- DATA PROVIDED
════

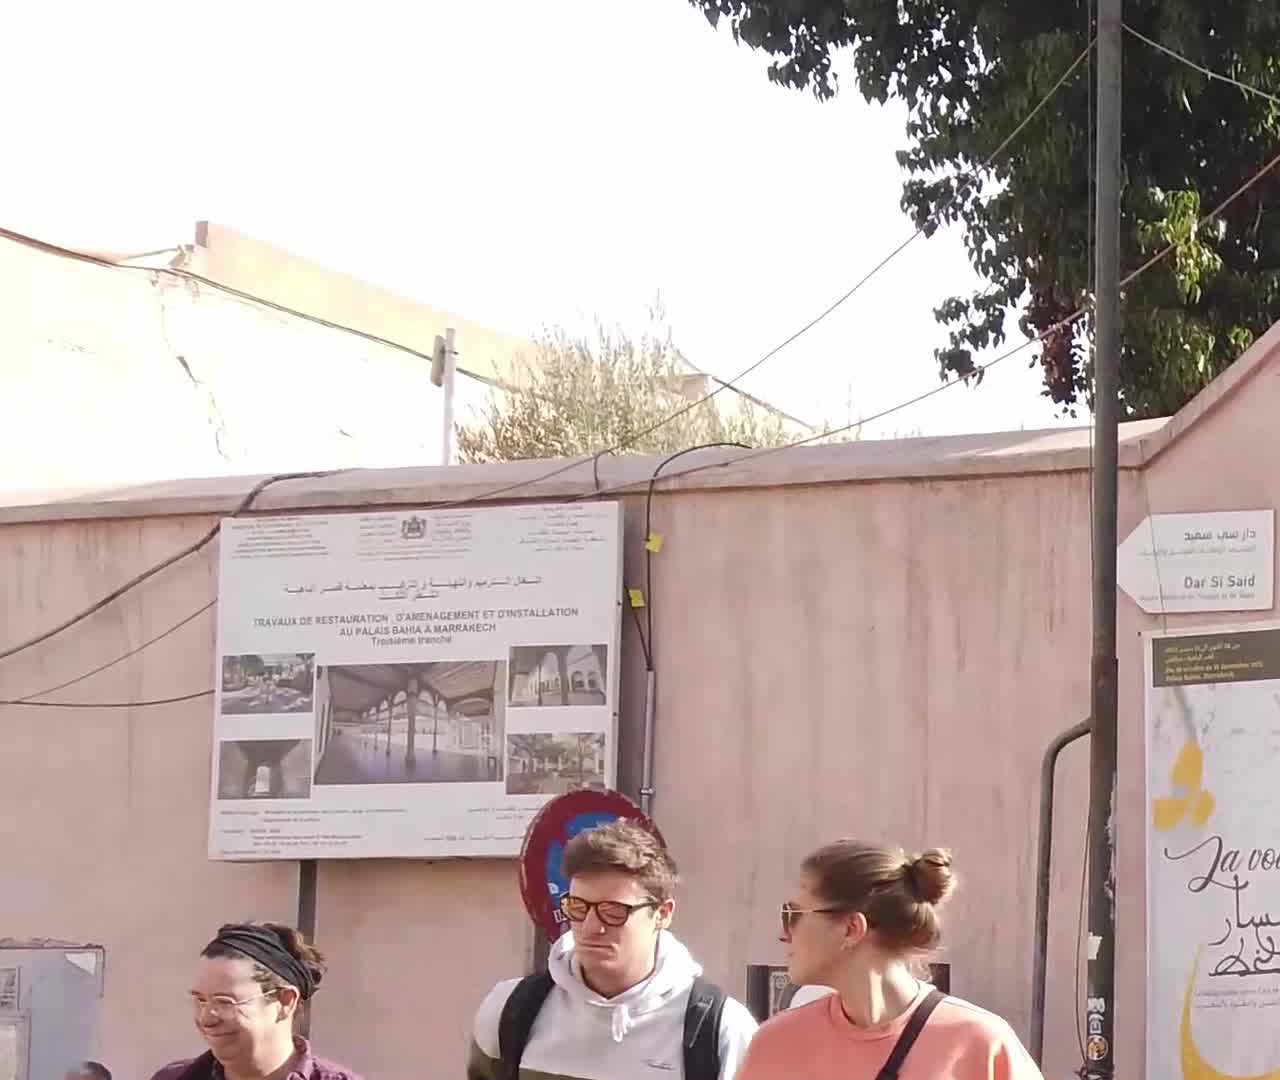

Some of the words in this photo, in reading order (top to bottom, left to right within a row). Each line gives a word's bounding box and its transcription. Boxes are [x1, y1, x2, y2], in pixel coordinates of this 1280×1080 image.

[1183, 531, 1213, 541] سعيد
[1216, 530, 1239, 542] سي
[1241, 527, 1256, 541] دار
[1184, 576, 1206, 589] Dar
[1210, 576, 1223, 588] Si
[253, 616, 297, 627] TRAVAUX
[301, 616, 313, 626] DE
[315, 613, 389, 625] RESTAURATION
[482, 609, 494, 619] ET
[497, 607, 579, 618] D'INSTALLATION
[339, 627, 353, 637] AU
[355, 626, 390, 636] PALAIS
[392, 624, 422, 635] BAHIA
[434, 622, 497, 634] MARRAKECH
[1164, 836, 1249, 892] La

════

- ACTION ITEM
Copy the listing exactly but drop its images.

- ANSWER SECTION
Some of the words in this photo, in reading order (top to bottom, left to right within a row). Each line gives a word's bounding box and its transcription. Boxes are [x1, y1, x2, y2], in pixel coordinates of this 1280×1080 image.

[1183, 531, 1213, 541] سعيد
[1216, 530, 1239, 542] سي
[1241, 527, 1256, 541] دار
[1184, 576, 1206, 589] Dar
[1210, 576, 1223, 588] Si
[253, 616, 297, 627] TRAVAUX
[301, 616, 313, 626] DE
[315, 613, 389, 625] RESTAURATION
[482, 609, 494, 619] ET
[497, 607, 579, 618] D'INSTALLATION
[339, 627, 353, 637] AU
[355, 626, 390, 636] PALAIS
[392, 624, 422, 635] BAHIA
[434, 622, 497, 634] MARRAKECH
[1164, 836, 1249, 892] La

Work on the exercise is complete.